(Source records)
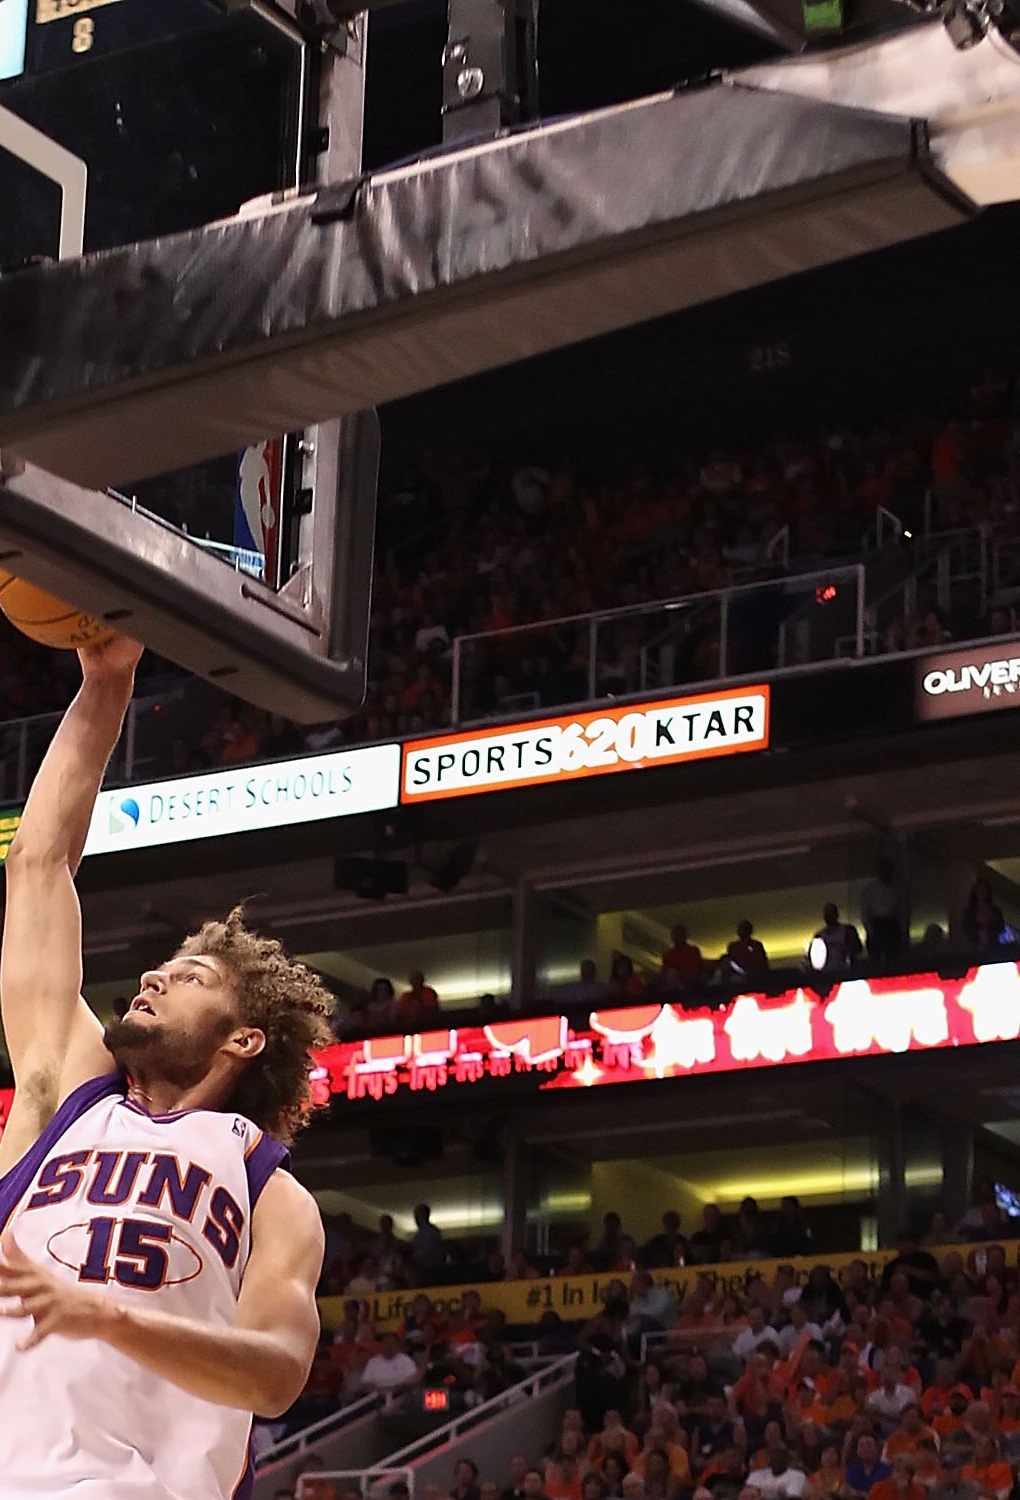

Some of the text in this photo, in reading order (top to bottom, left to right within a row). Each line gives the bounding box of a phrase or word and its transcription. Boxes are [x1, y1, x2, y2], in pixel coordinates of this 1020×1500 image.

[72, 17, 94, 53] 8
[413, 738, 553, 785] SPORTS
[655, 705, 754, 747] KTAR
[150, 766, 353, 824] DESERT SCHOOLS
[26, 1149, 245, 1270] SUNS
[78, 1215, 174, 1292] 15

* [Prompt] Retype the records exactly. Any image in them should not appear in what you write.

* [Response area]
Some of the text in this photo, in reading order (top to bottom, left to right within a row). Each line gives the bounding box of a phrase or word and its transcription. Boxes are [x1, y1, x2, y2], in pixel coordinates of this 1020×1500 image.

[72, 17, 94, 53] 8
[413, 738, 553, 785] SPORTS
[655, 705, 754, 747] KTAR
[150, 766, 353, 824] DESERT SCHOOLS
[26, 1149, 245, 1270] SUNS
[78, 1215, 174, 1292] 15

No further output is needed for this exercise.